It is not uncommon nowadays to complain about or be diagnosed as someone who is too much ‘in their heads’. Overthinking, worrying, anxiousness, with never a moment of quiet.
The cure for this ailment, is to be in your body. Hence, we all jump to, or get referred or sent to mindfulness, yoga and coaches in a hope of finding the answers to being in our heads. On we go, back into our bodies, something we left behind long ago, to find our lost paradise. Or something like that.
Lets take a look at the metaphors that are being used, in the style of the brilliant Lakoff & Johnson. The language we use reveals something about how we associate certain categories with others. How we perceive ourselves and the world. Flowing from the concept of embodied cognition, we assume here that these statements relate to some immediate experience we have, and how we try to communicate to others our experience of existence. Language in return, changes the way we perceive, categorize and relate our experience to other things. Let us warm up with one of such phrases and take it to being in our heads afterwards:
Lost in thought
Lost in thought means that thoughts are something you can be in. Thoughts are a container, a bounded place that you can be located inside of.
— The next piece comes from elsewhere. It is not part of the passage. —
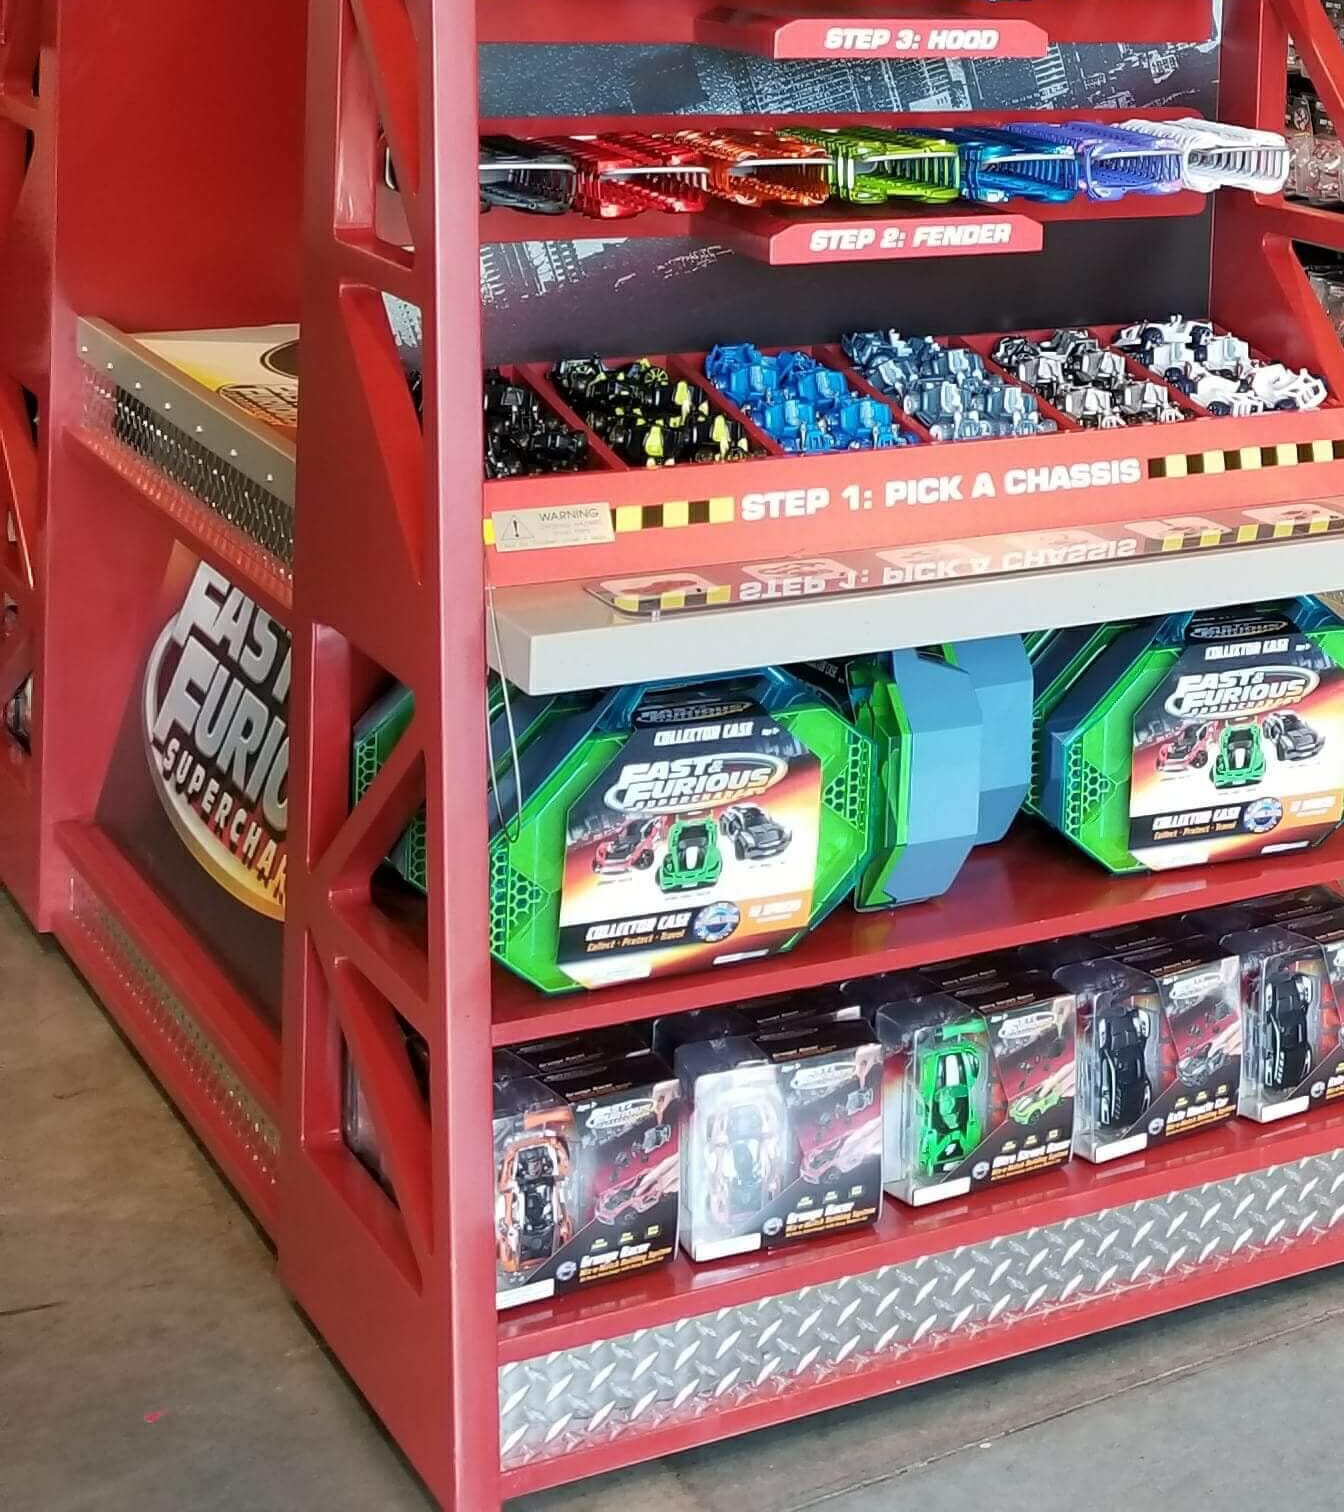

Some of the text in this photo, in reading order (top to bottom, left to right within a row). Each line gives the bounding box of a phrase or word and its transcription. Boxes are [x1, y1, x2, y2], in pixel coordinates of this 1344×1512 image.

Once inside that container, you can be lost. Being lost in something, can means that you have lost your way or losing your orientation. You don’t know where you are. In the same way you can ‘have your way’ or ‘lose your way’. You can also lose a trail, when as when on a journey. This can be seen in ‘losing your train of thought’. Like walking into the woods, you wander into a forest of thoughts and halfway in, you get lost.
Another take on this is losing the connection to the real world. Lost in thought is like losing a connection when on the phone. In Dutch “lossen” (related to loosening) is a naval term that describes releasing the ropes that tie the ship to the harbor.
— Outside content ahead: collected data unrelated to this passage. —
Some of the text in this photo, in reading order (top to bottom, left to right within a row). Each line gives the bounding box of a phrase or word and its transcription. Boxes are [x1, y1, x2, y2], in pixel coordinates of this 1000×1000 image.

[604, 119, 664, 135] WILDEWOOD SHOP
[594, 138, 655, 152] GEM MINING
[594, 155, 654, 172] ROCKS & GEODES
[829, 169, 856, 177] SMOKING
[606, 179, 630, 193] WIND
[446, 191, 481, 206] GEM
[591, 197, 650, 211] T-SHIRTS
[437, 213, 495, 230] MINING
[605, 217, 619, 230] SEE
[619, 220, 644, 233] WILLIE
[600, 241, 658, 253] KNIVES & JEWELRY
Depending on which route you take, being lost in thought may describe not being present in the moment, a disconnection, daydreaming and unaware of what is going around you, or, being inside the container and losing your connection to the outside.
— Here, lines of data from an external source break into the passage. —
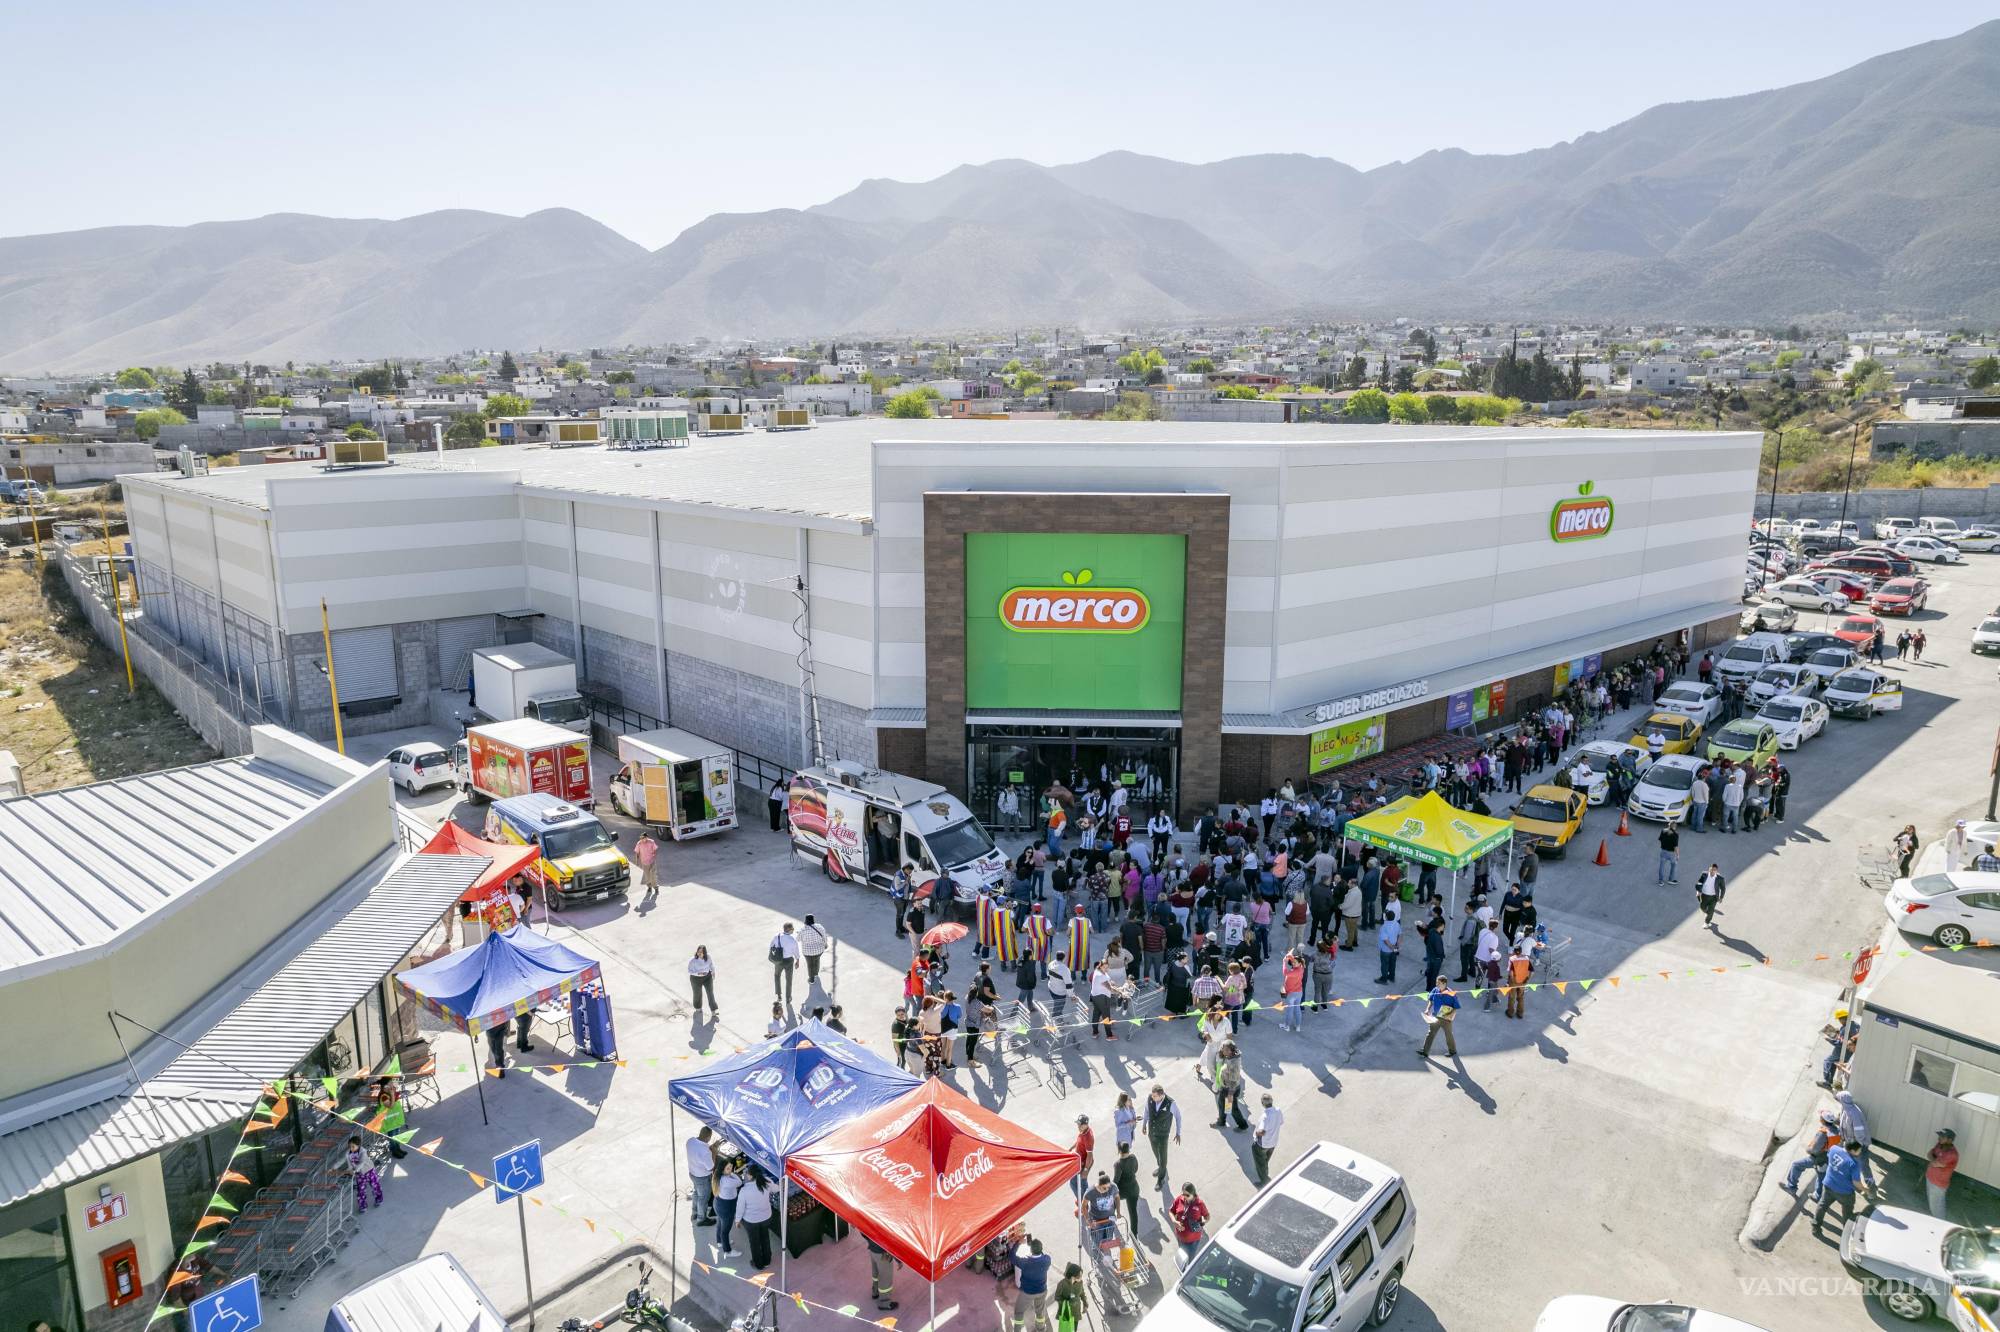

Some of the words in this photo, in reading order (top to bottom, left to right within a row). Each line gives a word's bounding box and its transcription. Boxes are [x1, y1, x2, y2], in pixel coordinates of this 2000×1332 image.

[1560, 506, 1609, 532] merco
[1012, 597, 1138, 623] merco
[1315, 698, 1360, 722] SUPER
[1361, 680, 1428, 710] PRECIAZOS
[1362, 833, 1370, 842] El
[1388, 840, 1398, 850] de
[1398, 845, 1413, 856] esta
[1415, 850, 1437, 862] Tierra
[1230, 928, 1237, 939] 2
[1854, 957, 1871, 977] ALTO
[743, 1068, 783, 1087] FUD
[803, 1066, 834, 1101] FUD
[859, 1148, 925, 1192] Coca-Cola
[936, 1147, 995, 1200] Coca-Cola
[943, 1242, 972, 1270] Coca-Cola
Being in your head and being in your body
The best candidate for the container of our thoughts is our head. The head is the container in which our thoughts are housed. Coincidentally, when we try to communicate our thoughts, the sounds we make to send these thoughts to other thinking heads is through the hole in the container: speaking through the mouth*.
The cure for being in your head is, of course, being in your body. This is, because of the Descartian seesaw, you can only be in one of the two. The body, and the head, are both containers. If one is full, the other is empty, and vice versa. Immediately this makes your you, the I, your self a mobile entity, that can have a location in the landscape of your being. It can go from your head to your body, sinking down, or rising up from the body to your head.** So, if you want to get rid of the problem of having your being located in your head you need to oppose this by pushing your being down into your body, like pushing a balloon under water. One of the ways of doing is this is by stimulating the body a lot, to force attention to the rest of the body, or exerting yourself so much no thought is possible. Another way is to limit external input and focus intensively on bodily sensation, to feel on purpose. The ‘notice your thoughts’ style of cognitive behavioral mindfulness, in a way, damns up the river of thoughts by looping the new thoughts back on the old, and after a while nothing new is being thought.
The problem can not be just being in your head or being in your body. The problem is HOW your are being and whether that is pleasant or not. Daydreaming and losing yourself in thought can be very pleasant. Panic, fear, dread, heartbreak, agony, dispair are very much bodily experiences. If the solution to your being in your headedness is to be in your body then having a giant panic attack would be the solution. This is obviously nonsense.
The answer to the question of how you are doing cannot be found in where you are being. Perhaps it is more about what you are doing and if you experience your efforts as meaningful and satisfying. That you have a sense of being safe, supported and curious about the world and have enough resources to manage surprises.
We should be careful to not throw the baby out with the bathwater, whilst killing the Descartian Trojan Horse of sneaky dualistic metaphors. What makes the metaphor of being in your head useful is the truth that one of our responses to being overwhelmed, suffering, coerced or trapped is to STOP FEELING. What being in your body then means is to reconnect to feeling, and using feeling what you want to navigate to the meaningful and the satisfying. There is nothing however to stop us from doing that intelligently, if we don’t condemn our heads and thought as the source of problem.
There is, as always, much more to be said. For now we will leave it here.
*I believe it is not necessarily the presence of the brain in the head that makes us locate the head as the source of thoughts. The discovery of the organ inside the container made it a convenient target to describe our thoughts to, but there are plenty of other body parts people can be said to think with, the male genitals being a notorious one and of course the Victorian invention of Hysteria, which relates erratic behavior to a dysfunctional womb. Even though we can scan brains now, we have had these metaphors in our language way before we knew what was going on inside our heads on a biological level, or even had biology of any kind. Metaphors were there long before MRI scanners, but never existed without speech.
**Perhaps our thoughts are high and the body low because we walk upright and our heads are on top of our bodies.